Finally, we showed that the topotactic transformation in LCO and LSCO may be induced by an application of an electric field of the order of that found experimentally, and we presented a general model applicable to broad classes of TMOs. We note that a similar non-volatile resistive switching process may also be triggered in VO₂ (ref. ⁴⁶), a broadly studied TMO for neuromorphic applications^3,47. However, in this case the Fermi level is moved to the conduction band⁴⁸ as soon as vacancies are formed, and no intermediate resistive states may be created. In addition, in LSCO the formation of oxygen-deficient layers during the topotactic transformation facilitates the migration of oxygen ions^49,50, which in turn increases the switching speed from a metal to an insulator, relative to vanadium oxide compounds.

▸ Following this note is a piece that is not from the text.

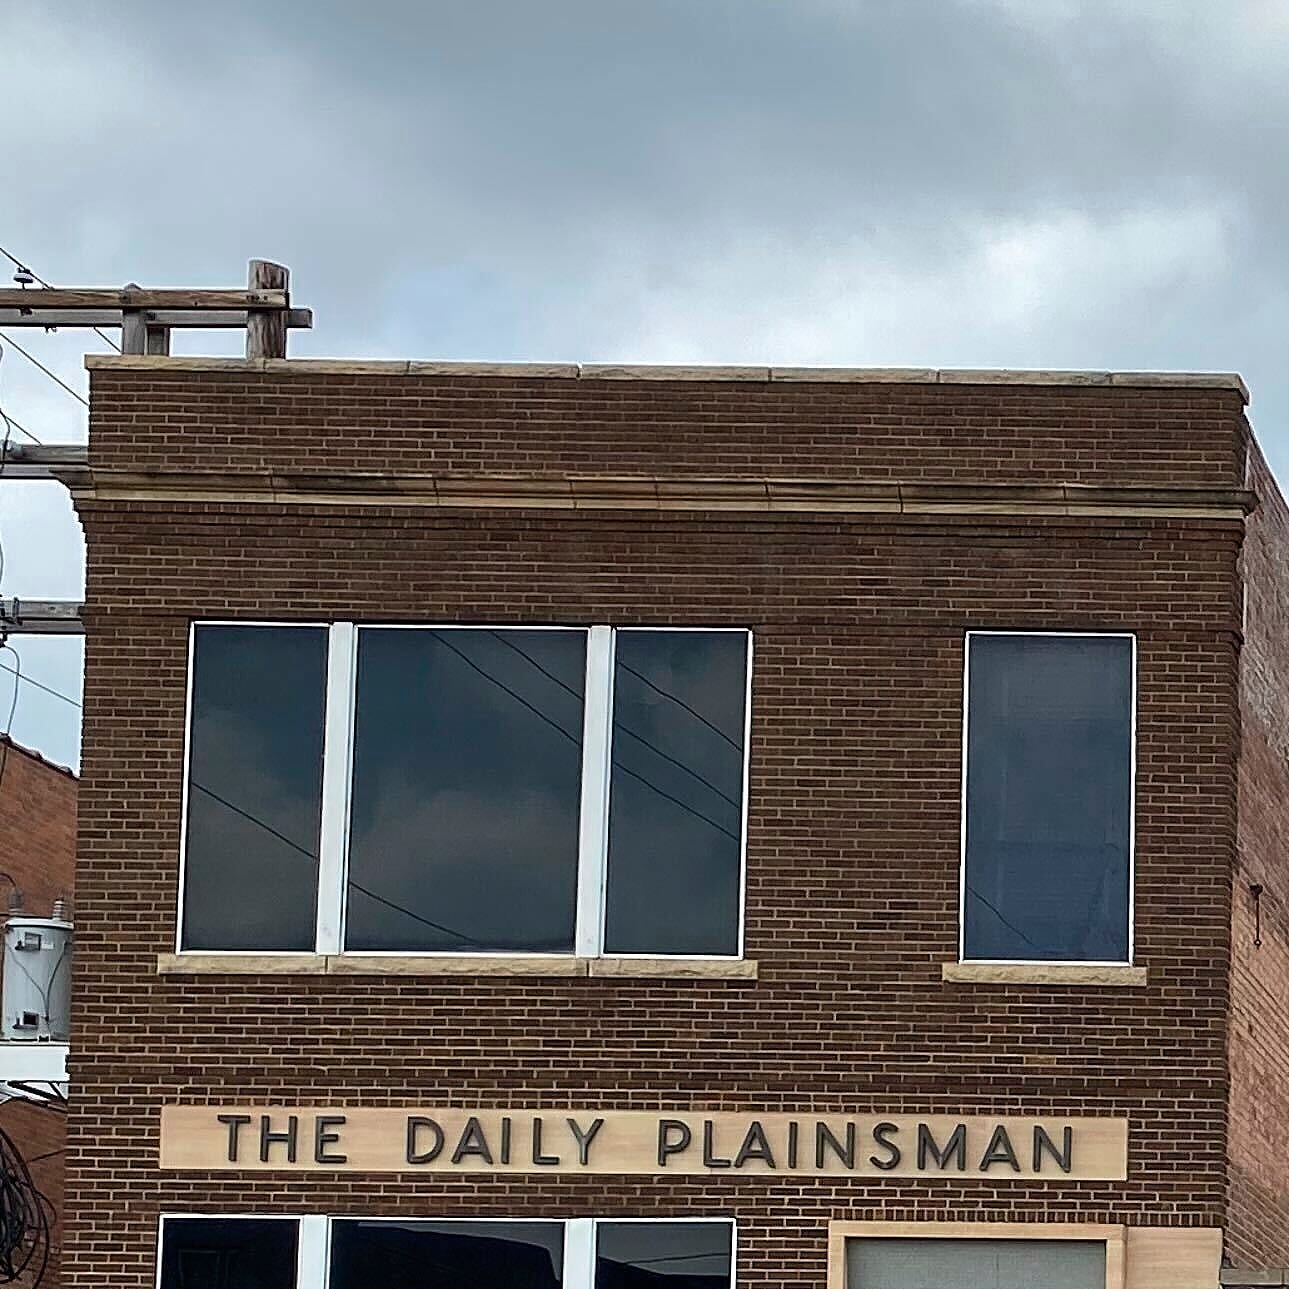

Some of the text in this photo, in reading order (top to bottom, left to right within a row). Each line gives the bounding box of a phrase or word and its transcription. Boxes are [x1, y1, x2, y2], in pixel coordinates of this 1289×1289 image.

[217, 1114, 1073, 1173] THE DAILY PLAINSMAN
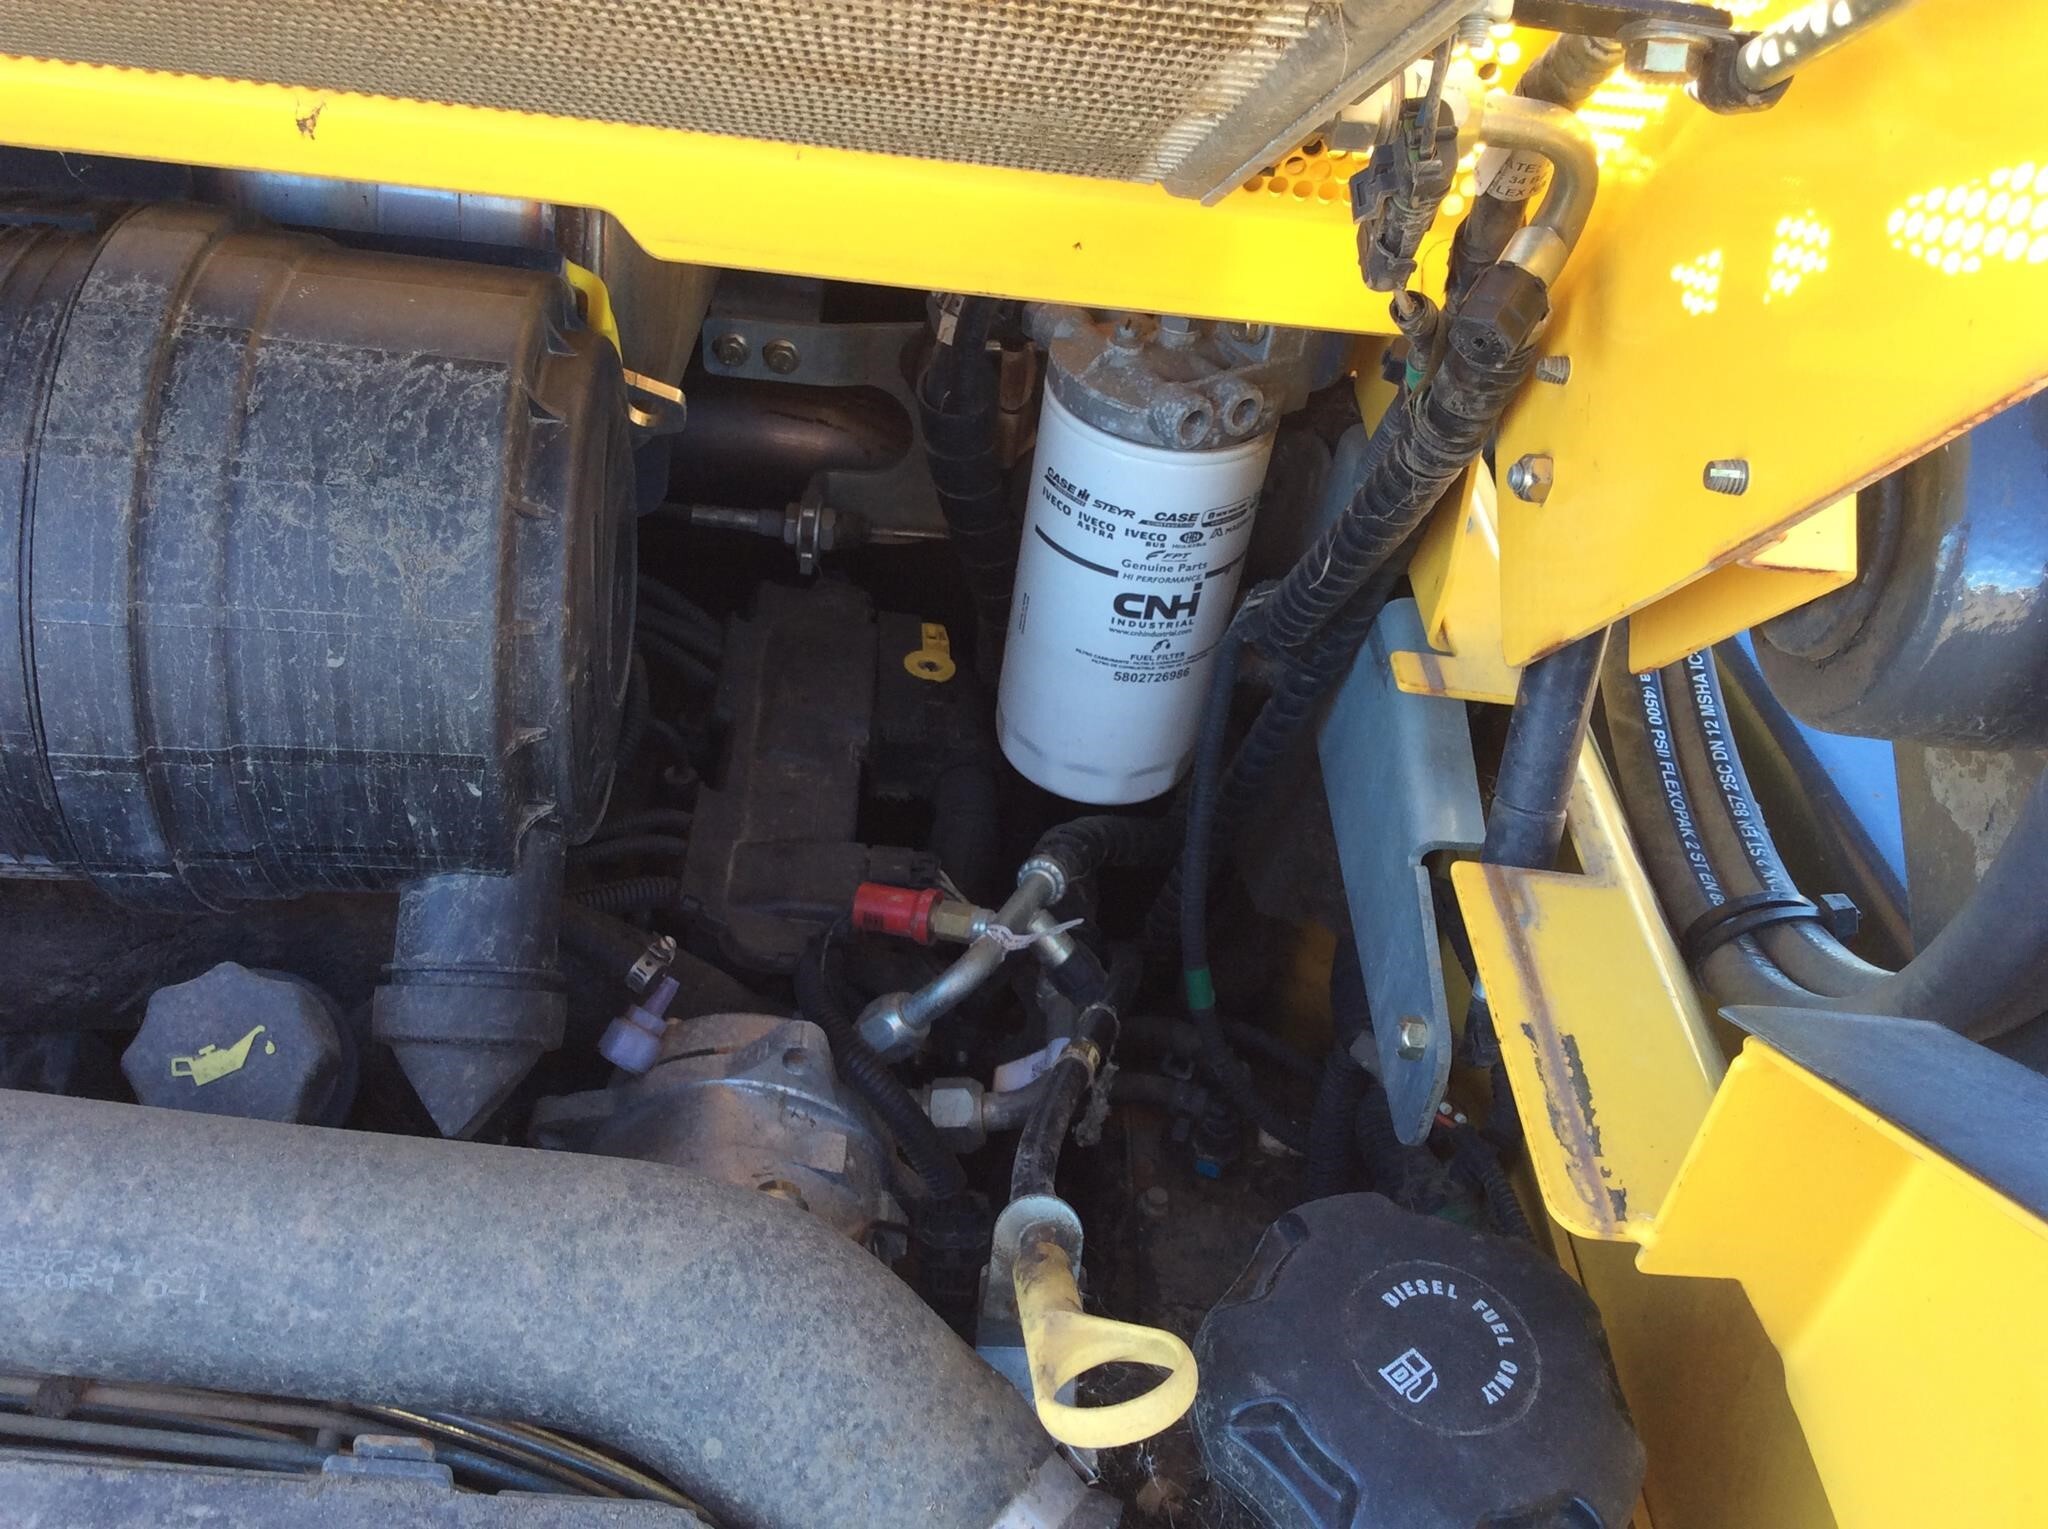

The results obtained here, especially the interplay between structural, electronic, and magnetic properties identified in our calculations, fully characterize the MIT for the first time, and may be used to engineer specific resistive states in cobaltite films, e.g., by interfacial heterostructures⁵¹ and by controlling strain effects. It is well known that strain plays a key role in the presence of interfaces^38,52,53,54; the combined structural and magnetic effects identified in our calculations may thus be used to engineer interfaces with desired properties for neuromorphic applications in cobaltites and likely manganites as well⁵⁵, and in general to understand topotactic transformations in several classes of TMOs.

Methods

DFT+U calculation parameters

We used DFT, the PBE generalized gradient approximation with a Hubbard U correction and the projected augmented wave PP from PSlibrary⁵⁶, and performed calculations using Q_UANTUM ESPRESSO (QE) code (V6.2 and V6.4.1)^32,33. To obtain the ground state structures for different vacancy concentrations and La/Sr ratios, a \(\sqrt 2 \times 4 \times \sqrt 2\) perovskite supercell (La(Sr)₈Co₈O₂₄, 40 atoms) was used, which was then optimized for each configurations within the orthorhombic lattice symmetry, using a plane-wave cutoff of 90 Ry and a 6 × 3 × 6 Monkhorst-Pack k-point grid. Sr doping positions were determined by sampling all symmetry-inequivalent positions as A-site cation (see Supplementary Fig. 6).